Most of us will agree—I hope—that the government shouldn’t discount the ten billion future deaths that the first virus would cause just because they would arrive in the future. It should count the expected deaths from an outbreak as 17 million (1/1000 x 17 billion). In contrast, the expected deaths if the second virus breaks out are only 8 million (1/1000 x 8 billion). If additional human lives have no value in themselves, that implies that the government would have more reason to take precautionary measures against a virus that would kill most of us than one that would kill all of us, even if the probabilities were equal. If it could only afford to develop vaccines against one of them, it should choose the first.
That seems to me a reductio. Do you agree? Or am I missing something?
Postscript: Judging by the first two comments on this post, I must have failed to make myself clear. I believe the second scenario is at least as bad as the first, and that this undermines the ‘intuition of neutrality’. See my reply below.

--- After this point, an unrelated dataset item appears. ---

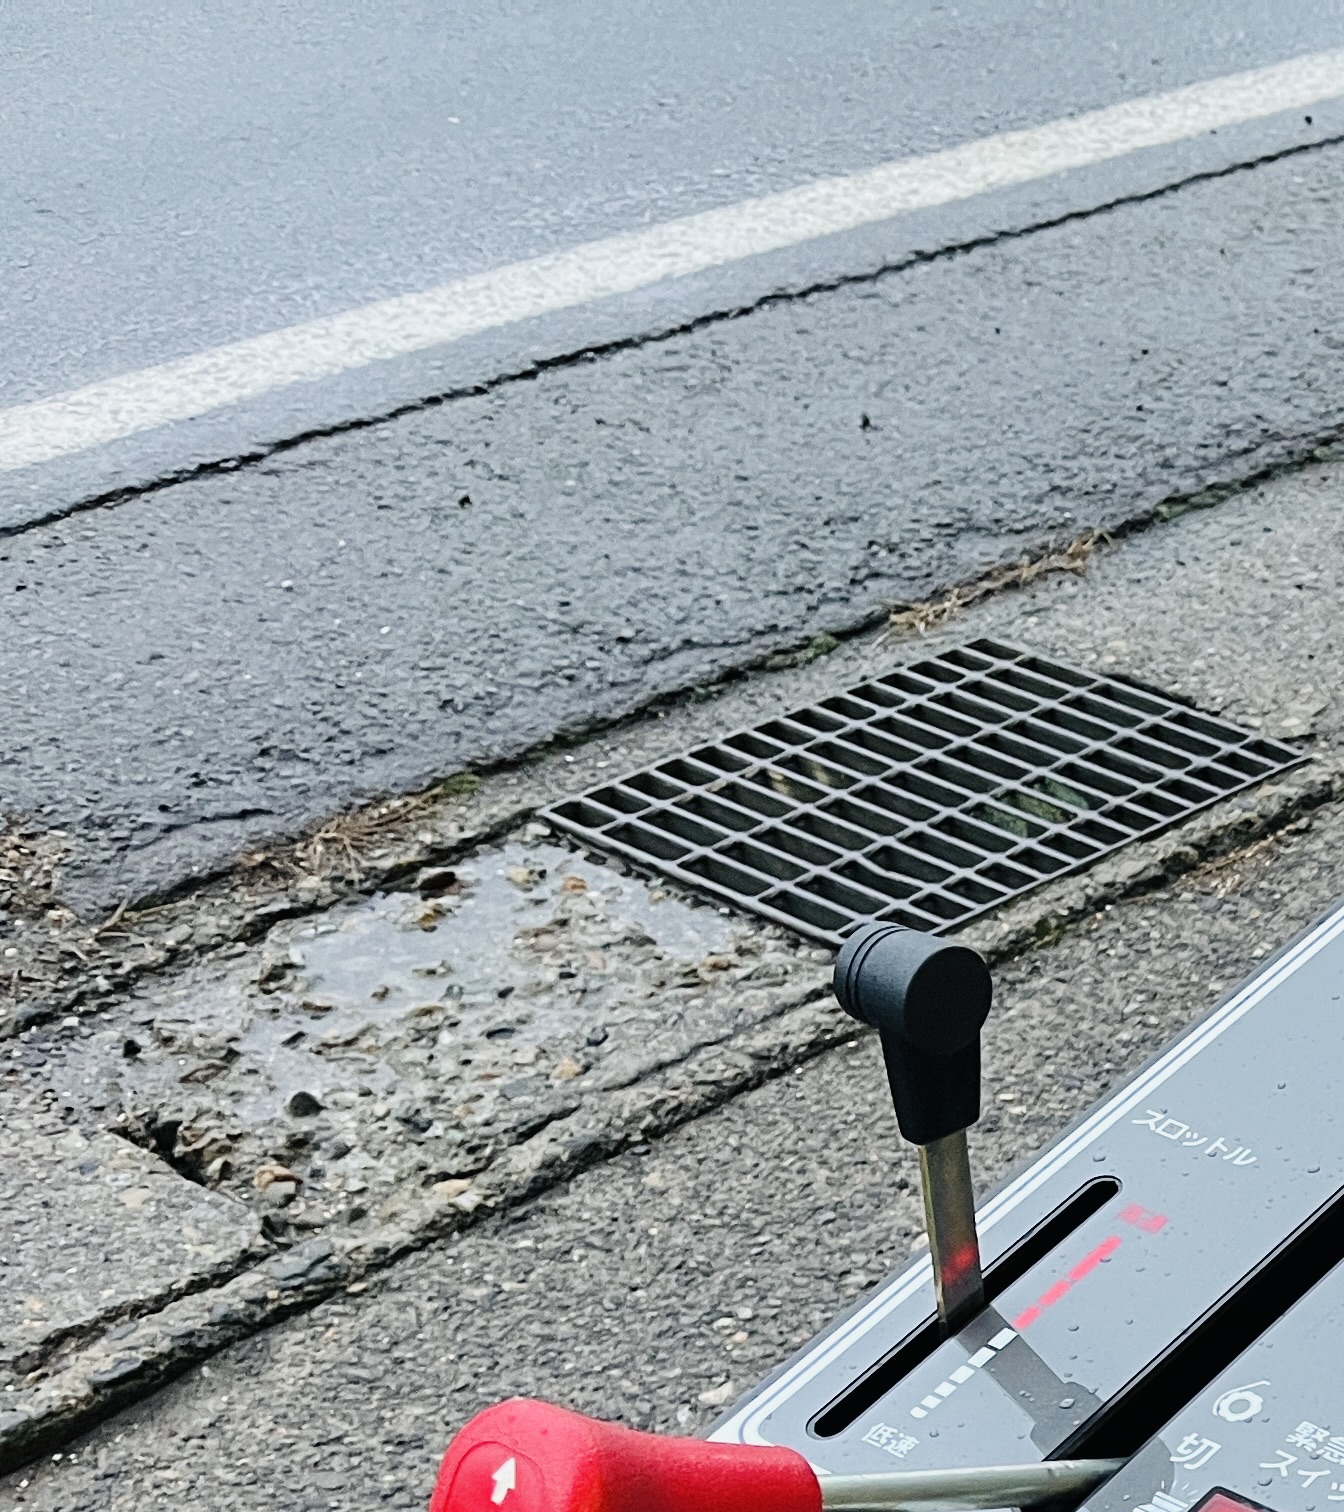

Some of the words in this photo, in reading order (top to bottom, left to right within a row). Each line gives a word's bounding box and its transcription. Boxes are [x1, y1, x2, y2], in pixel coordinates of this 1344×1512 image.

[1131, 1109, 1258, 1166] スロットル
[861, 1422, 920, 1459] 低速
[1169, 1432, 1221, 1470] 切

Still, I think your argument is in fact an argument for antinatalism, or can be turned into one, based on the features of the problem to which you've been sensitive here so far. If you rejected antinatalism, then your argument proves too much and you should discount it, or you should be more sympathetic to antinatalism (or both).
You say B prevents more deaths, because it will prevent deaths of future people from the virus. But it prevents those future deaths by also preventing those people from existing.
So, for B to be better than A, you're saying it's worse for extra people to exist than not exist, and the reason it's worse is that they will die. Or that the will die early, but early relative to what? There’s no counterfactual in which they live longer, the way you've set the problem up. They die early relative to other people around them or perhaps without achieving major life goals they would have achieved if they didn't die early, I guess.
Similarly, going extinct now prevents more deaths from all causes, including age-related ones, but also everything that causes people to die early, like car accidents, war, diseases in young people, etc.. The effects are essentially the same.
What's special about the virus in this hypothetical vs all other causes of (early) death in humans?
So, we should prevent (early) deaths by going extinct now, or collectively refusing to have children, if the alternative is the status quo with many (early) deaths for a long time. That looks like an principle antinatalist position.